Chastain was growing red in the face. “I’ve had enough,” he said, and started to rise.
Shelley’s gaze stopped him. “Your family was able to silence Peter Studebaker, but with the internet, it’s not quite as easy anymore. Sit down.” Chastain glowered, but he sat.
“Your great-grandfather didn’t approve of Marie’s choice of suitors,” Shelley went on. “He wasn’t used to being disobeyed. So after a particularly vicious argument, he decided to throw a scare into her,” Shelley said. “He tossed a small bottle of alcohol with a burning wick through the window, expecting it to frighten her into listening to him, maybe even push her into Jacob’s arms as her rescuing hero.”
Shelley unveiled a photograph of the threatening note with a snap of the wrist. Next to it was a second photo of an old ledger page. “I’m a trained expert in handwriting analysis. But just to be sure, I sent these two examples to a friend of mine who specializes in such things for the FBI. We are both one hundred percent certain that these two specimens were written by the same person.”

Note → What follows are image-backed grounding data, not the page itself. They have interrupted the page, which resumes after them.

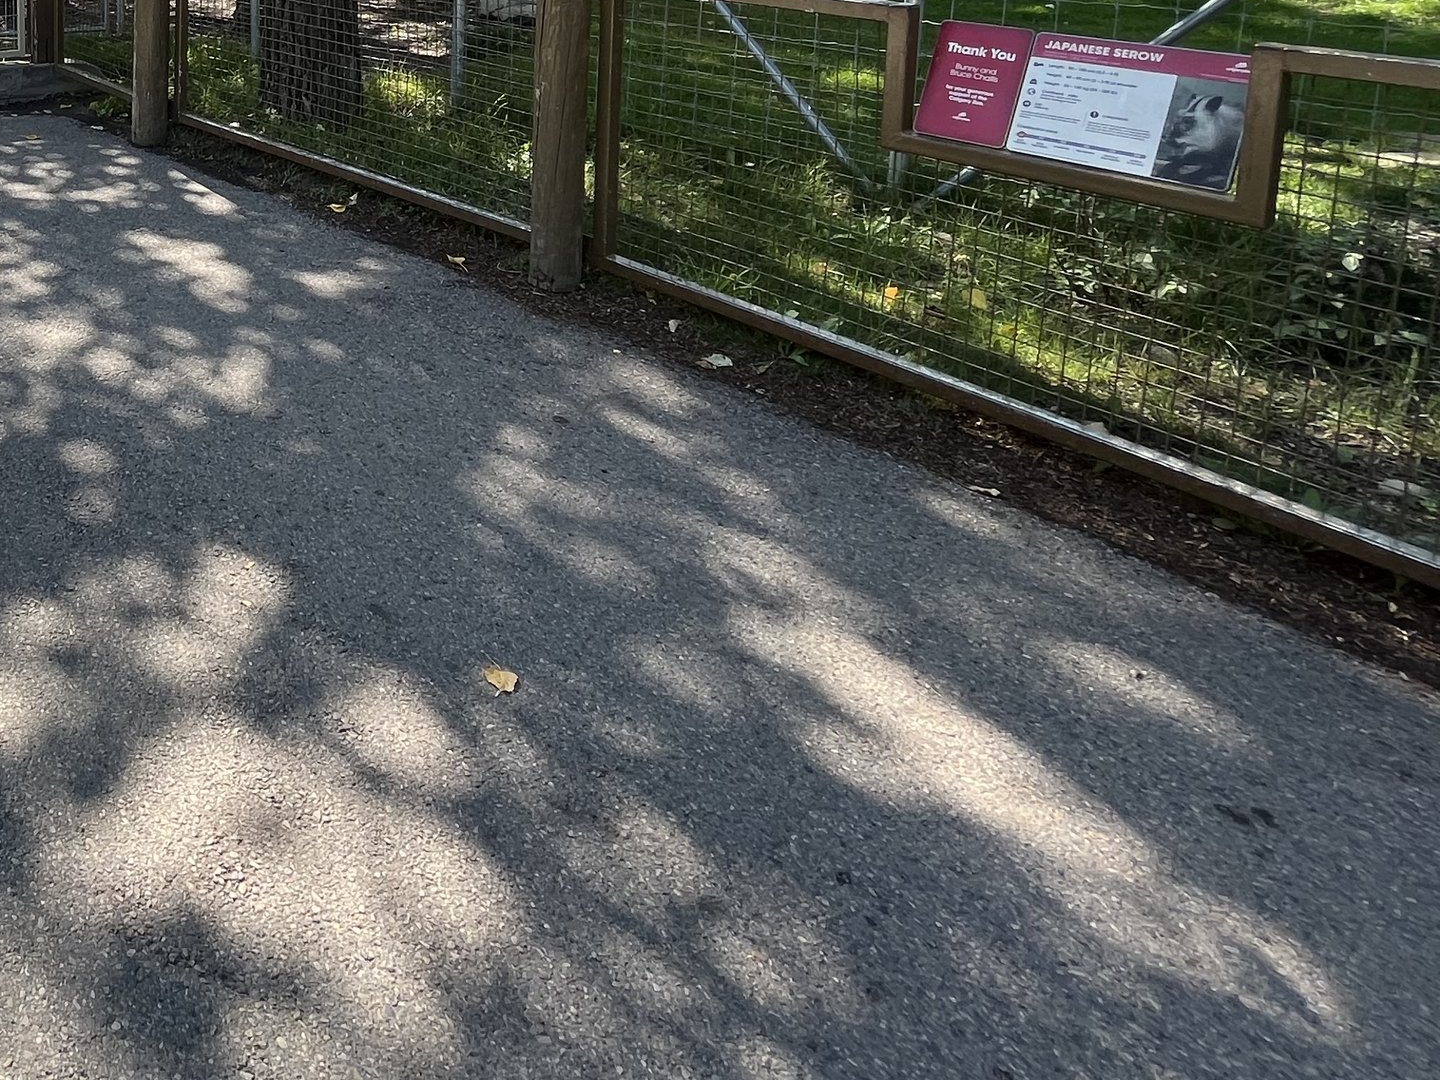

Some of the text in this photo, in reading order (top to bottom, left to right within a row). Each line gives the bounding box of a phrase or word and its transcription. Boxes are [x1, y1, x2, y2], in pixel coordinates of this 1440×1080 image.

[947, 41, 1016, 62] Thank You
[1044, 40, 1111, 56] JAPANESE
[1113, 48, 1164, 62] SEROW
[950, 69, 972, 78] Bruce
[955, 62, 997, 75] Bunny and

She turned to Oliver Chastain. “The ledger was undeniably written by your great-grandfather. And the evidence shows that the letter threatening Marie Chastain was written by the same person—her own father.”
“This is ridiculous,” Oliver Chastain fumed.

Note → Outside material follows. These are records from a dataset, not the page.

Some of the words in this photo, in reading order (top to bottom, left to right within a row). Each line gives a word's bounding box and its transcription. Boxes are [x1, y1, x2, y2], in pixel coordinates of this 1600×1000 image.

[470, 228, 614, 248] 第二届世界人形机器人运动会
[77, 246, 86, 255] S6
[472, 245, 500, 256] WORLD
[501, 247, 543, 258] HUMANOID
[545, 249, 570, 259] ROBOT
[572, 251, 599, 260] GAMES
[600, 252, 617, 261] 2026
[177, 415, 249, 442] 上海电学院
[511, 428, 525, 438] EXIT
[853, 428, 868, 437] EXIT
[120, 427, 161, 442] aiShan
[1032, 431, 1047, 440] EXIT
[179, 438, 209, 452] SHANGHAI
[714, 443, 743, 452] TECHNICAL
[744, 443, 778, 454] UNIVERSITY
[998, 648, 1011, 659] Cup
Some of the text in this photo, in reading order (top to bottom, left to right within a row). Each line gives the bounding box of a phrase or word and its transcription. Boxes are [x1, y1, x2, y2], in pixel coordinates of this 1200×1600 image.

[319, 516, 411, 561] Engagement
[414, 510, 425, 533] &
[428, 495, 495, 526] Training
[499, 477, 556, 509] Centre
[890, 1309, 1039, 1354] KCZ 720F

“Your great-grandfather was appalled that his little trick to frighten Marie went so badly wrong. We’ll give him the benefit of the doubt about being heartsick over starting a fire that killed one person and injured another. I’m sure he also feared prosecution for the murder, should the truth come out. And that, ladies and gentlemen, is the real reason why Marie’s father committed suicide.”
“You can’t prove that,” Oliver Chastain snapped.
“I just have,” Shelley replied with a smug smile. “I think the family knew—or strongly suspected—the reason for your family patriarch’s suicide. But after examining the evidence, there’s another story that you don’t know—one that will be disclosed tonight for the first time.”
Shelley whipped the cover from the third easel. “Marie Chastain did not die in the fire that night. The remains recovered belonged to Jacob Whitley.”
Everyone stared at Shelley. “That’s impossible,” Oliver Chastain said. “Jacob Whitley lived to be an old man up in the New York mountains.”
Shelley gave him a confident smile. “Someone using Jacob’s name did indeed live several more decades in seclusion. But it was not Jacob Whitley. Observe,” Shelley said, pointing to the display.
“Here is a sample of Marie Chastain’s writing from her diary. And here is a sample of a letter ostensibly written by Jacob Whitley to Rebecca after the fire.”
“They don’t look anything alike,” Oliver Chastain protested.
Shelley looked at the samples. “No, they don’t. Nor does that letter supposedly by Jacob Whitley look remotely like the large number of documents historically confirmed to have been written by him before the fire.” She wheeled on Chastain like the prosecutor in a courtroom drama.
“That’s because Jacob Whitley never made it out of that burning room,” Shelley said. “It was the melted Saint Gaudens that gave it away. The temperature at which gold melts is the same temperature at which a human body is cremated. Jacob Whitley had just completed a lucrative business deal the morning of the fatal fire. The record shows he was paid in twenty-dollar gold pieces—Saint Gaudens, the ledger specifies. He had one of those gold pieces in his pocket when the room around him went up in flames.”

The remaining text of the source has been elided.